**** Given records

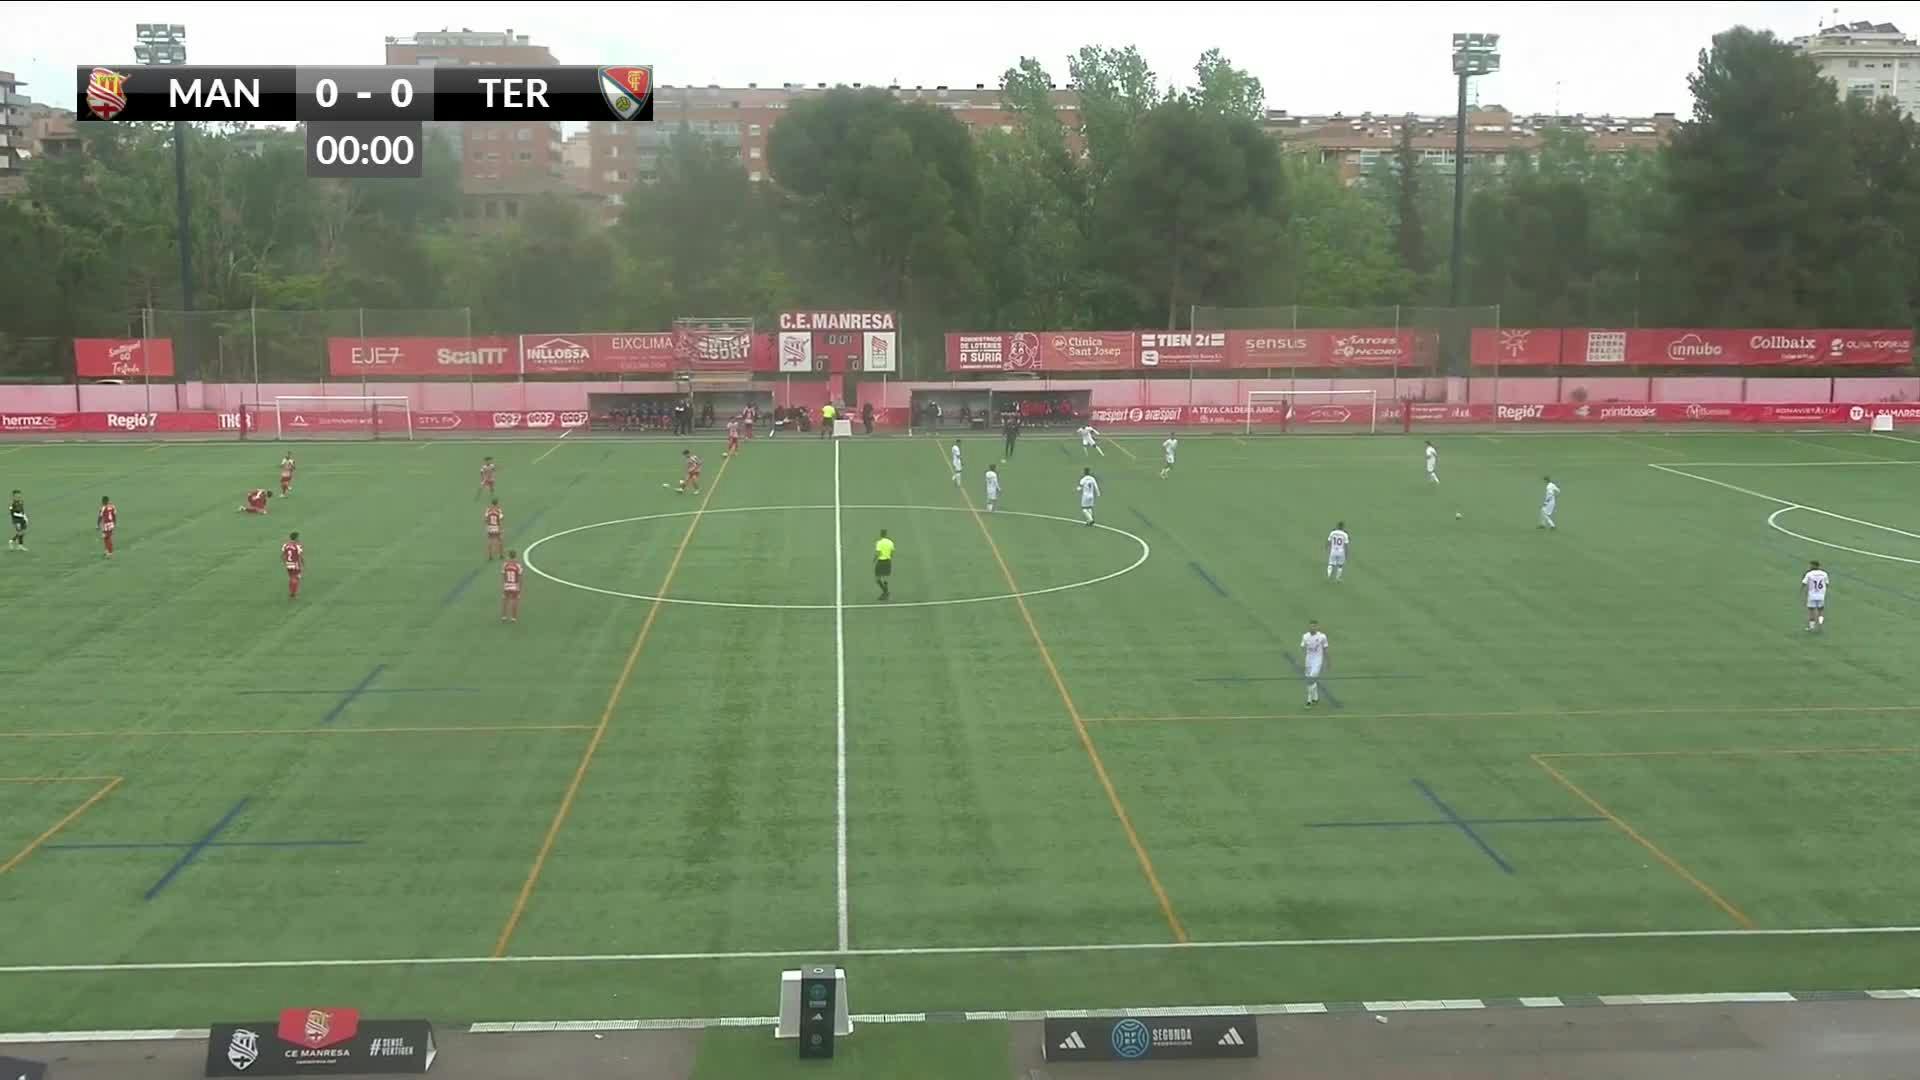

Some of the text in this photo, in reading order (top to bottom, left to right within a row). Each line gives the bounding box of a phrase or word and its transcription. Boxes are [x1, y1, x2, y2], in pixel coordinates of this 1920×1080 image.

[612, 338, 674, 350] EIXCLIMA
[1068, 336, 1103, 347] Clínica
[1157, 334, 1191, 347] TIEN
[1246, 339, 1307, 349] sensus
[1750, 335, 1816, 349] Collbaix
[1068, 346, 1121, 357] Sant Josep
[1332, 536, 1343, 546] 10
[1812, 580, 1824, 590] 16
[1152, 1028, 1192, 1041] SEGUNDA
[285, 1047, 351, 1057] CE MANRESA
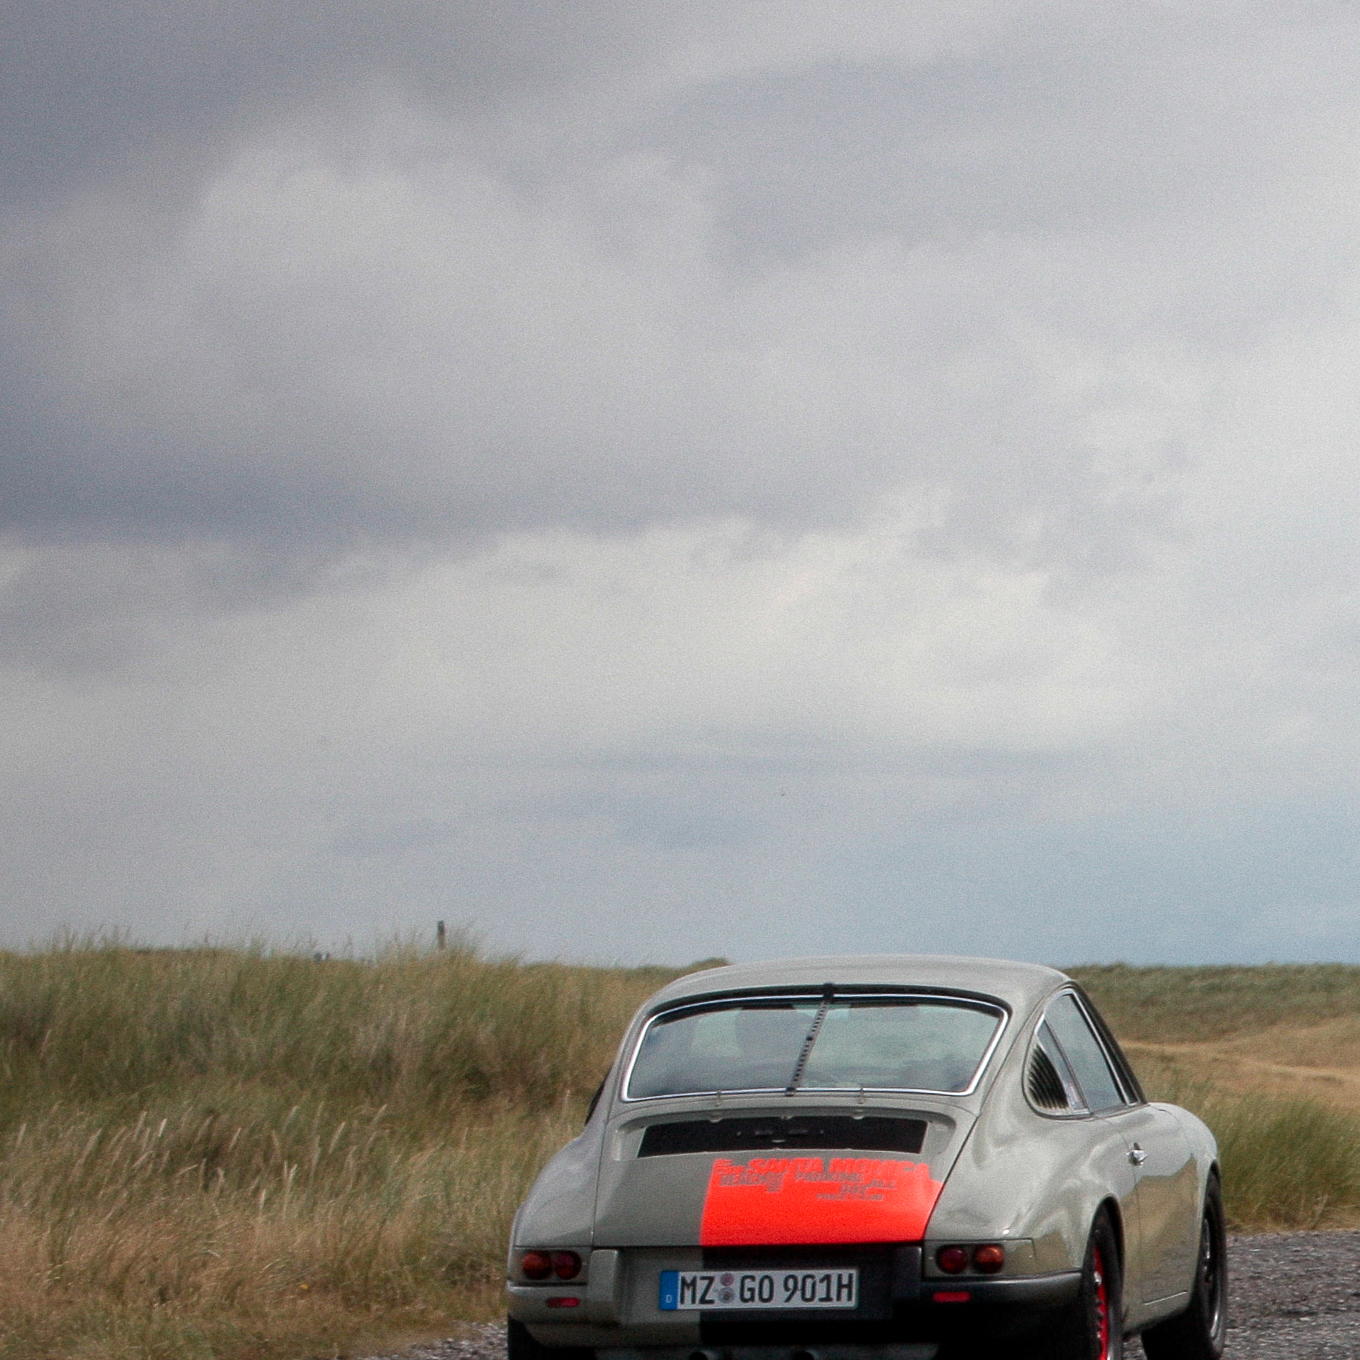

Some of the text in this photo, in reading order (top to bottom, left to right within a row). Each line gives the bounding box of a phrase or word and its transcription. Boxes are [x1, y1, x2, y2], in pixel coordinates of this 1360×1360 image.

********

▶ **Work to be completed**
Copy the preceding data in full and word for word, dropping its pictures.

▶ **Exercise response**
Some of the text in this photo, in reading order (top to bottom, left to right within a row). Each line gives the bounding box of a phrase or word and its transcription. Boxes are [x1, y1, x2, y2], in pixel coordinates of this 1920×1080 image.

[612, 338, 674, 350] EIXCLIMA
[1068, 336, 1103, 347] Clínica
[1157, 334, 1191, 347] TIEN
[1246, 339, 1307, 349] sensus
[1750, 335, 1816, 349] Collbaix
[1068, 346, 1121, 357] Sant Josep
[1332, 536, 1343, 546] 10
[1812, 580, 1824, 590] 16
[1152, 1028, 1192, 1041] SEGUNDA
[285, 1047, 351, 1057] CE MANRESA

Some of the text in this photo, in reading order (top to bottom, left to right within a row). Each line gives the bounding box of a phrase or word and its transcription. Boxes are [x1, y1, x2, y2], in pixel coordinates of this 1360×1360 image.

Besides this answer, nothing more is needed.